Write out every record below exactly, leaving the pictures out.

Start of Data

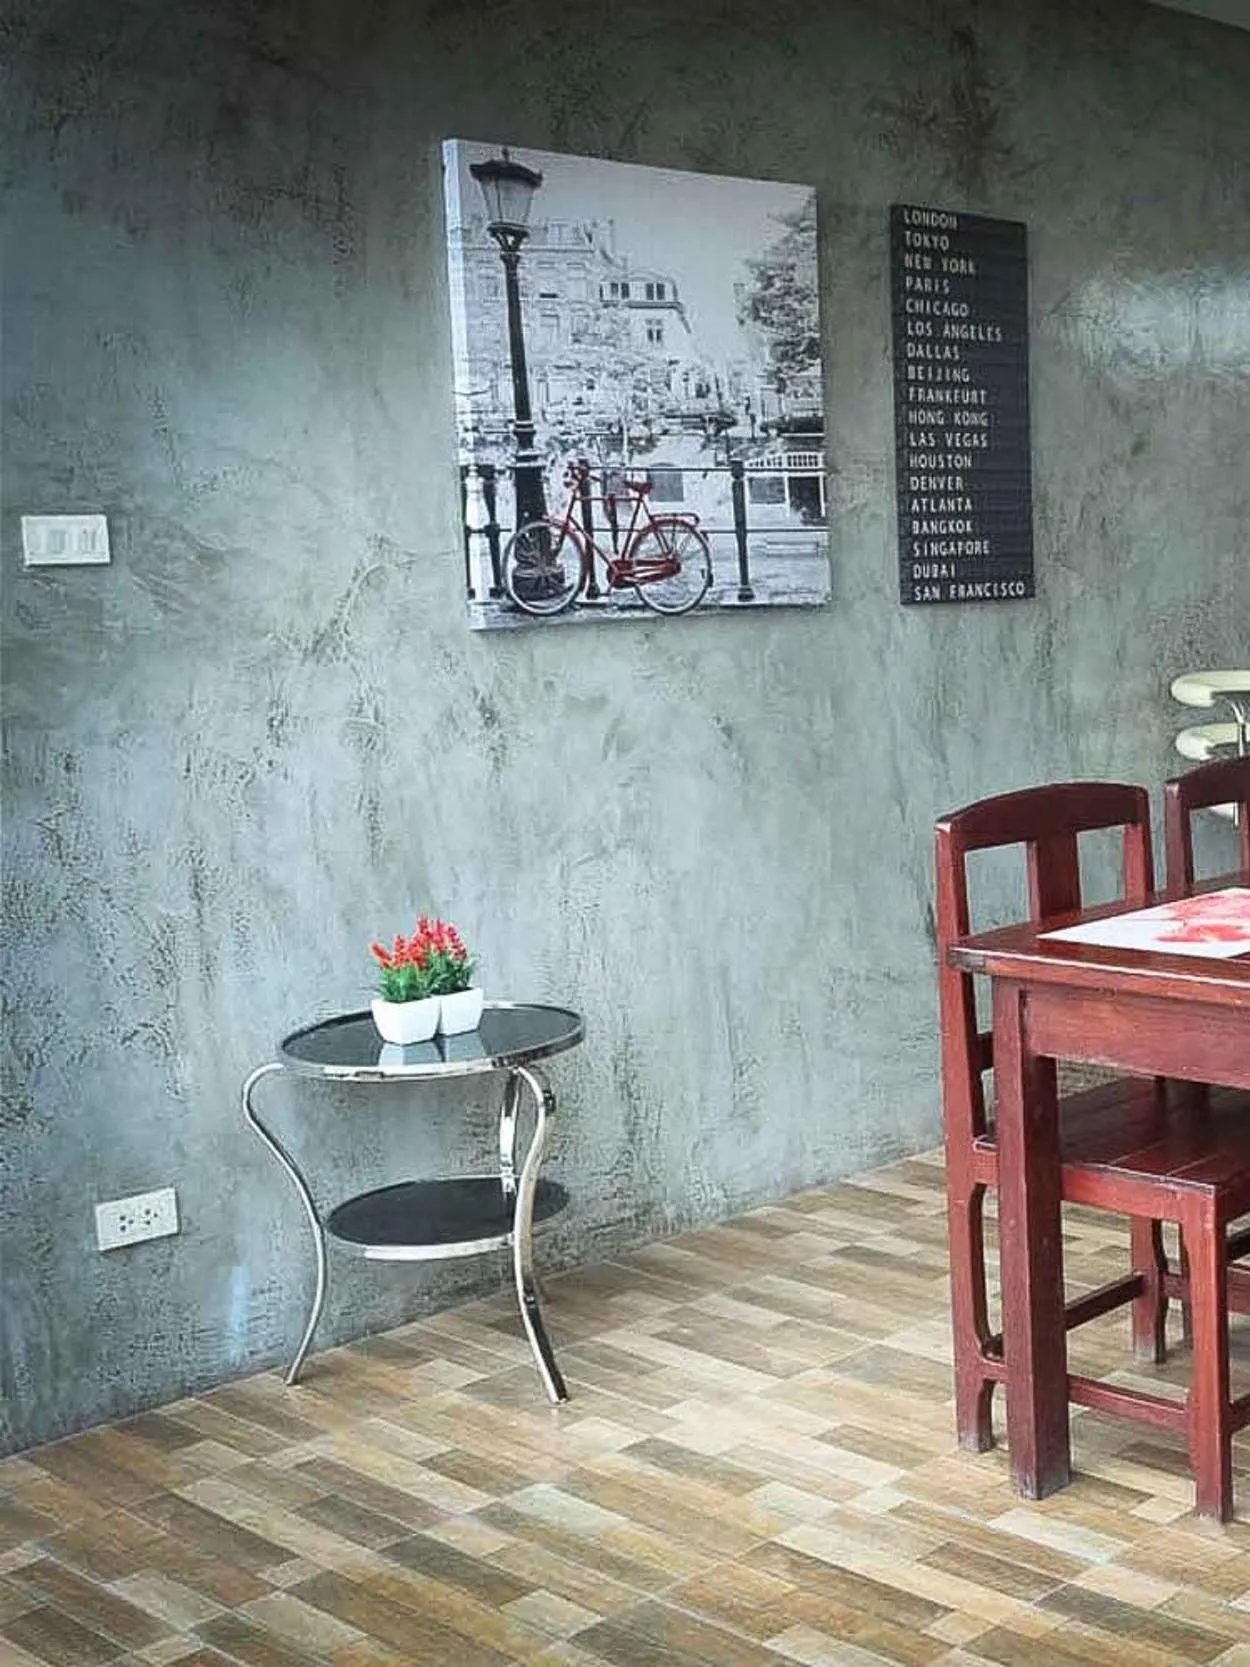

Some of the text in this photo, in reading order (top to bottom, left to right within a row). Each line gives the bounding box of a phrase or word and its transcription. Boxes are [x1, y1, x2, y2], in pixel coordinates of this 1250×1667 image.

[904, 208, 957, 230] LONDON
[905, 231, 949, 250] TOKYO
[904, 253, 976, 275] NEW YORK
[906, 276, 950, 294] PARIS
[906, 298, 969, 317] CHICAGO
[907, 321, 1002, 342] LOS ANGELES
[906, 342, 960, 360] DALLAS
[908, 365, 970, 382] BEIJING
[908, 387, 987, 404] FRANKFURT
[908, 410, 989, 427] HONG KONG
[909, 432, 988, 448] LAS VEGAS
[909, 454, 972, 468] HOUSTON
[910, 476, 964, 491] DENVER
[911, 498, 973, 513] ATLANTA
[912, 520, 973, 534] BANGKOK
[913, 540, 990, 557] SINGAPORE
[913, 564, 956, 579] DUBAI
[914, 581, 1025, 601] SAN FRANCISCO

End of Data

Response to this task:
Some of the text in this photo, in reading order (top to bottom, left to right within a row). Each line gives the bounding box of a phrase or word and its transcription. Boxes are [x1, y1, x2, y2], in pixel coordinates of this 1250×1667 image.

[904, 208, 957, 230] LONDON
[905, 231, 949, 250] TOKYO
[904, 253, 976, 275] NEW YORK
[906, 276, 950, 294] PARIS
[906, 298, 969, 317] CHICAGO
[907, 321, 1002, 342] LOS ANGELES
[906, 342, 960, 360] DALLAS
[908, 365, 970, 382] BEIJING
[908, 387, 987, 404] FRANKFURT
[908, 410, 989, 427] HONG KONG
[909, 432, 988, 448] LAS VEGAS
[909, 454, 972, 468] HOUSTON
[910, 476, 964, 491] DENVER
[911, 498, 973, 513] ATLANTA
[912, 520, 973, 534] BANGKOK
[913, 540, 990, 557] SINGAPORE
[913, 564, 956, 579] DUBAI
[914, 581, 1025, 601] SAN FRANCISCO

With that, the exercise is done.